Locals are grumbling, too. I spoke to some not-yet-gray-haired symphony patrons who used to belong to a volunteer organization for young professional symphony supporters called Symphonix. It died with the pandemic and hasn’t been revived. Geeslin waves away the demise of Symphonix, noting that the symphony continues to have several volunteer “leagues” of supporters.

Strange rumors are also swirling. Chatter is emanating from musician groups that Geeslin—whose husband, financier Keith Geeslin, is a former president of the San Francisco Opera—is plotting to merge the two august organizations. It’s a suggestion that, on the one hand, is far-fetched—Spivey claims ignorance about these claims. But it is also conceivable, given that for decades, the city’s symphony and opera were, in fact, one organization. 

For now, the regional-versus-global debate cuts to the heart of the symphony’s image of itself. World-class musicians are a fiercely competitive lot, and many came here specifically to play for Salonen. Moreover, classical music-loving San Franciscans hardly see their town as some kind of backwater. They believe a great city deserves a great orchestra. 

For them, as for the symphony’s conductor and musicians, the cancellation of its upcoming European tour was particularly galling. “Touring is essential if you’re going to be a great orchestra,” says Peter Pastreich, a former executive director who acted as a mediator between management and the musicians in their previous contract negotiations. “There is no great American orchestra that doesn’t tour.”

Consider that while San Francisco’s musicians have no grand tour on the horizon, the Pittsburgh Symphony Orchestra will embark this August on a nine-city tour of Austria, Germany, and Italy. The Kansas City Symphony is simultaneously enjoying its first-ever European tour, playing in Amsterdam, Berlin, and Hamburg. 

The symphony says a tour could have generated losses of a bit more than $2 million, essentially the expense of sending an orchestra abroad minus the appearance fees it generates. But the figure isn’t particularly meaningful. All tours rely on donor sponsorships. What’s more, the funds the symphony will generate by upping the percentage it draws from its $334 million endowment could have defrayed those expenses. 

Its ability to tap these funds has been a source of controversy. The symphony says much of its endowment is restricted to certain uses at certain times. That said, despite signaling in its most recent audited financial report that it would decrease its annual “draw” from 5.75% to 4.5% over six years, it recently changed gears and increased that figure to 6.45%. The cash is clearly there for the taking—but apparently not enough to have kept the respected conductor it had worked so hard to recruit.

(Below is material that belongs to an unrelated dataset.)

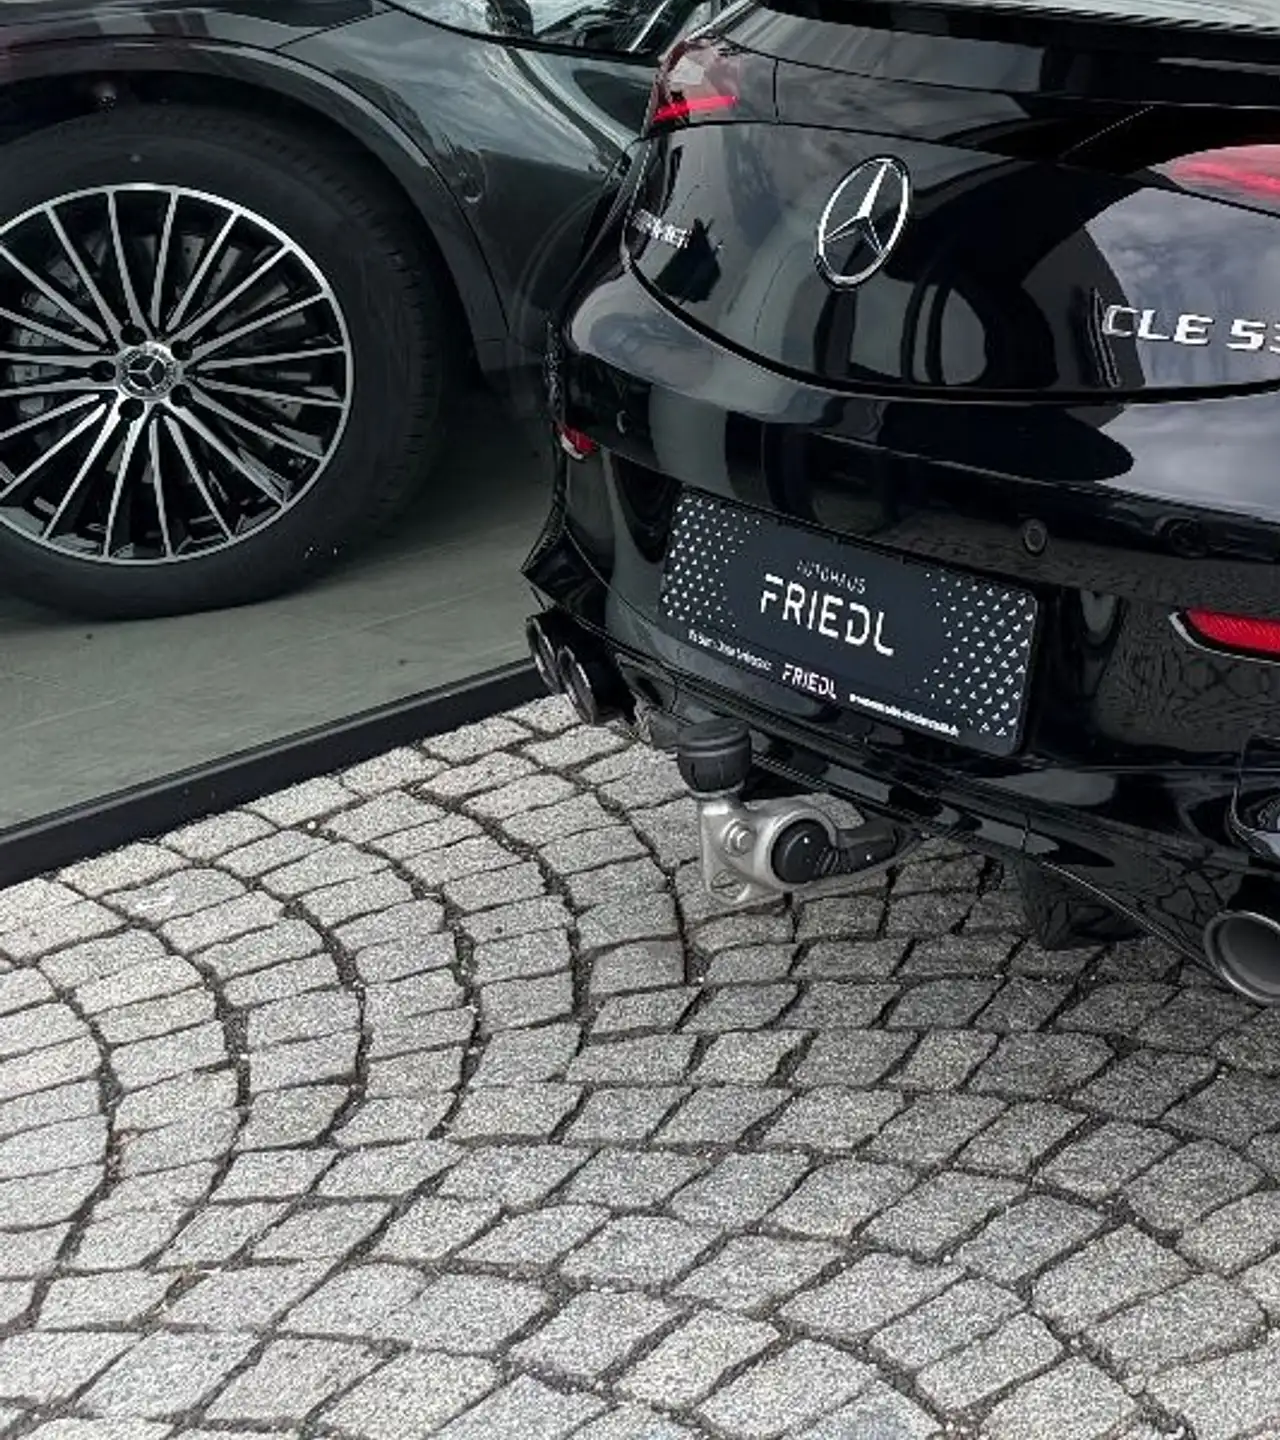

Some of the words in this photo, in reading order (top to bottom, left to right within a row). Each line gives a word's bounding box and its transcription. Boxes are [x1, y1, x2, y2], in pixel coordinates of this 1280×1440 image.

[1102, 304, 1216, 346] CLE
[760, 573, 894, 657] FRIEDL
[782, 662, 837, 700] FRIEDL

Salonen, meanwhile, almost certainly isn’t changing his mind about leaving San Francisco when his contract expires. He declined through the symphony to comment. But his friend Deborah Borda, the former CEO of the Los Angeles Philharmonic and the New York Philharmonic, told me, “I have never seen him freer and more forward-focused.” 

The symphony says Salonen will return as a guest conductor, though he hasn’t commented on the prospect one way or the other. “I am kind of figuring out what to do, if anything,” he said in an interview in Stockholm before receiving the Polar Music Prize from the king of Sweden. “I haven’t quite decided.”

In the meantime, Salonen will be around for another year. On June 28, he will conduct the first of three performances of Mahler’s third symphony, a work that played a huge role in his career. Four decades ago, a 25-year-old Salonen was a last-minute substitute in London for an indisposed Michael Tilson Thomas. His handling of the Mahler score launched him as a conductor.

Now it will be up to San Francisco audiences to decide for themselves if the moves the current symphony leadership makes to replace Salonen are up to snuff–or if they need replacing themselves.